Manoni (1989) narra sus experiencias en el trabajo clínico con niños clasificados como
retrasados mentales, cuyos padres asistían a la consulta de psicoanálisis como una salida para
evitar enviar a su "hijo enfermo irrecuperable" (p. 19) a un asilo. Ella se refiere a que su trabajo
directo con el niño estaba muy limitado, pero que sí le era posible alcanzar logros importantes en el
trabajo con los padres, principalmente con la madre, ya que desde su perspectiva:
...el niño retardado y su madre forman, en ciertos momentos, un solo cuerpo,
confundiéndose el deseo de uno con el otro, al punto que ambos parecen vivir una sola y la
misma historia. Esta historia tiene por soporte, en el plano fantasmático, un cuerpo que se
diría afectado por idénticas heridas, que han revestido una señal significante. Lo que en la
madre no ha podido ser resuelto en el nivel de la prueba de castración, será vivido en forma
9
de eco por el niño, que en sus síntomas no hará más que hacer "hablar" a la angustia
materna (p. 53).
De la misma manera, el trabajo de Cordié (1994) apunta hacia una terapia exitosa desde
los padres, para mejorar las condiciones de niños calificados como retrasados a partir de su
fracaso escolar.
Por su lado Abel, Cowen, Kaldeck, Astrachan, Wilcox y Guthrie (citados por Ellis, 1981)
defienden la utilización de la psicoterapia en personas con retraso mental, argumentando que ellas,
por su condición, están expuestas a continuos traumas afectivos y que muchas veces se
encuentran más incapacitadas por sus problemas emocionales que por su bajo nivel intelectual.
También comentan el haber tenido éxito con la utilización de técnicas proyectivas, de artes de
representación y de terapia de grupo entre otras, sobre todo con población de instituciones
residenciales; que además demostraba mejoría en las medidas de cociente intelectual.
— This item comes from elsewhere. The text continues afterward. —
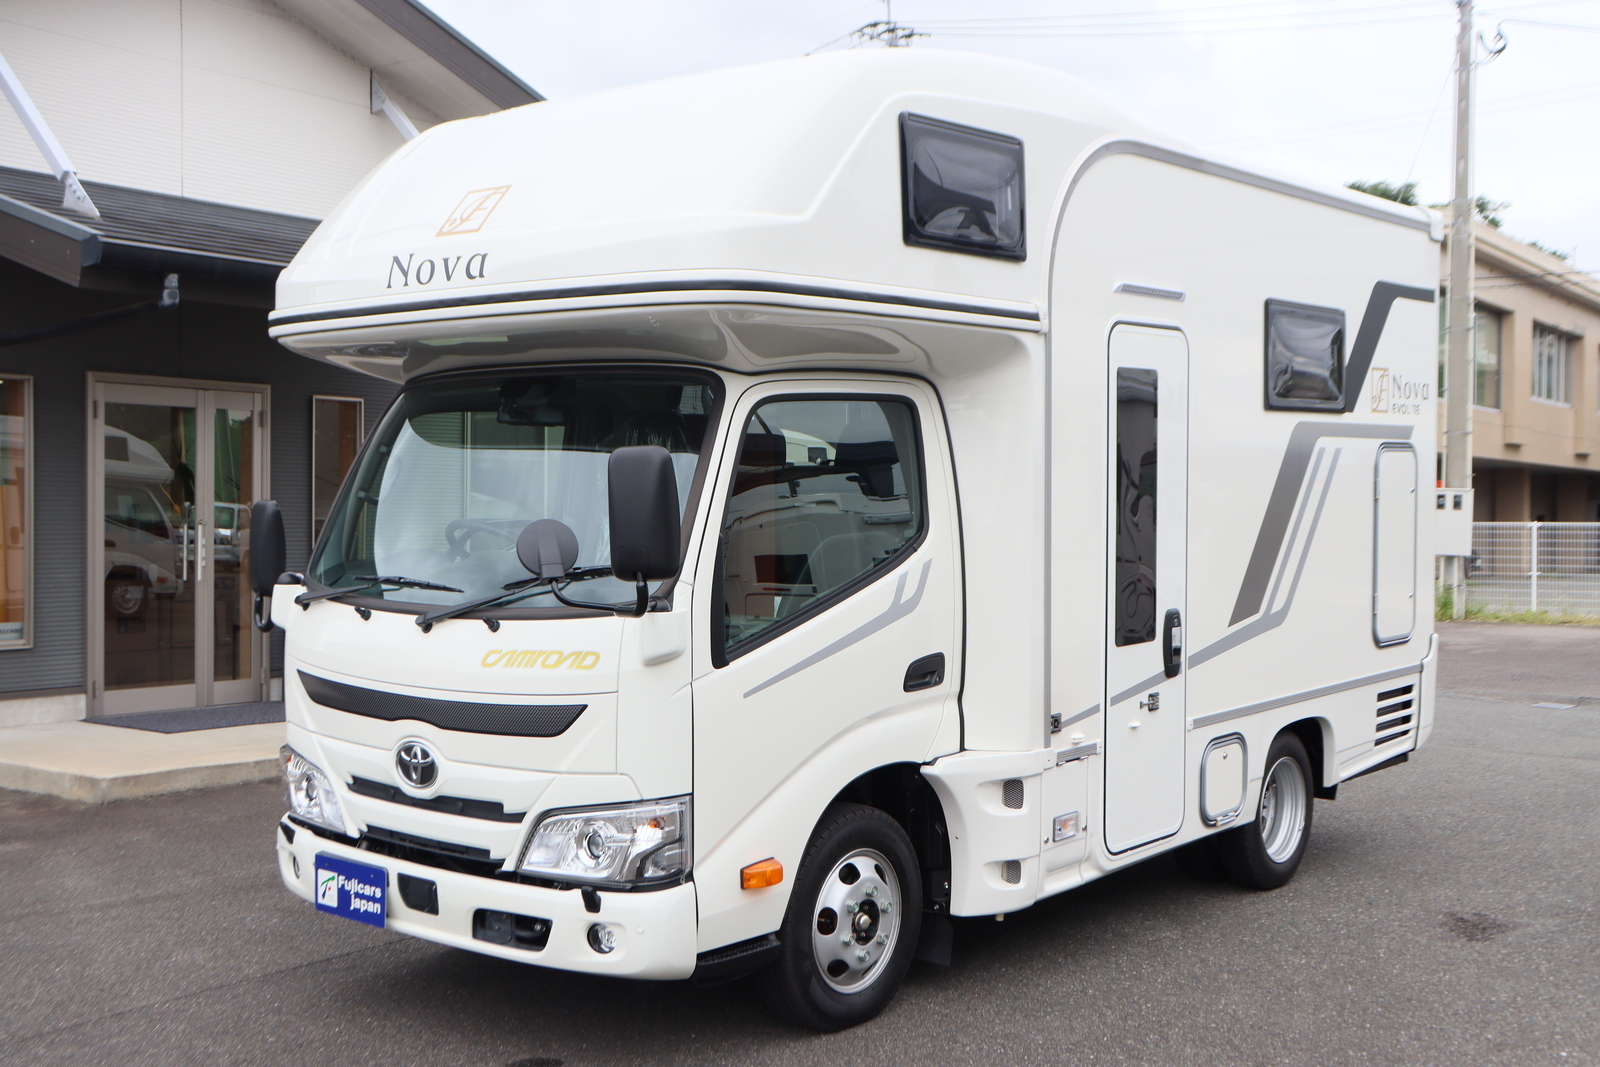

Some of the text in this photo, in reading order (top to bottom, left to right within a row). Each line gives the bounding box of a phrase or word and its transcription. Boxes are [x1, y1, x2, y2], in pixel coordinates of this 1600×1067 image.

[386, 252, 489, 289] Nova
[1392, 374, 1430, 401] Nova
[1392, 402, 1421, 415] EVOLTE
[338, 874, 382, 899] Fujicars
A pesar de
estas razones, repito, el psicoanálisis y otras modalidades psicoterapéuticas no han sido ni son
frecuentemente utilizadas para la atención a las personas clasificadas como retrasadas mentales y
sus resultados rara vez son aceptados dentro del orden de lo científico.
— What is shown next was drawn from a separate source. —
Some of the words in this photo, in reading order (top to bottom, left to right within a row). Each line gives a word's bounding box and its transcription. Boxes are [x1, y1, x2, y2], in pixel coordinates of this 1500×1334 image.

Pese a las críticas, el psicoanálisis es el que parece haber estado más cerca de ese lugar
de la persona clasificada como retrasada mental al menos mediante sus padres, lo que
posiblemente -si la intervención fue exitosa- redundó en un desarrollo general más adecuado. Ya
que, de acuerdo con Greenspan y Thorndike (1997), las primeras emociones de los niños, creadas
comúnmente a partir de las interacciones con los padres, determinan en gran medida la calidad de
su desarrollo ulterior, en el que "las dimensiones neurológicas, intelectuales y sociales de un niño
interactúan todas conjuntamente para crear una persona que es algo más que la suma de sus
partes" (p. 27).
La Participación Integracionista como perspectiva de investigación
Es posible encontrar los antecedentes de la perspectiva de la participación integracionista
en el importante movimiento de transformación conceptual que se inició a finales de los años 60 en
los países escandinavos, donde el danés Bank-Mikkelsen y el sueco Bengt Nirje iniciaron una
fuerte promoción del principio de normalización, el cual pretendía que las personas con
discapacidad gozaran de condiciones de vida que se acercaran tanto como fuera posible a las
normas de la sociedad en general. Esta bandera fue enarbolada por Wolfensberger en los Estados
Unidos y en 1971 la Asamblea General de las Naciones Unidas aprobó la Declaración de los
Derechos Generales y Especiales de los Retrasados Mentales (Scheeremberger, 1984; Ortiz, 1988
y Aguado, 1995).
En el Reino Unido en 1974, el Secretario de Educación convocó a una comisión de
expertos, presidida por Mary Warnock, cuyo informe publicado en 1978, según Marchesi y Martín
(1990), convulsionó los esquemas vigentes, ya que sobre la propuesta de normalización se
hablaba ya con suma fuerza de los procedimientos de integración educativa y de la atención a las
necesidades educativas especiales; lo que muy pronto abrió la puerta para plantear también la
integración en otros aspectos de la vida de la persona, como eran la participación en la comunidad
y en el mundo laboral.
Este acontecimiento histórico fue el responsable de importantes campañas de
desintitucionalización y de facilitación del acogimiento familiar, además de la apertura de los
sistemas escolares en muchos países, así como de cambios legislativos y la disposición de
oportunidades vocacionales y laborales para muchas de las personas con discapacidad;
principalmente de Europa central y occidental y de los Estados Unidos y el Canadá.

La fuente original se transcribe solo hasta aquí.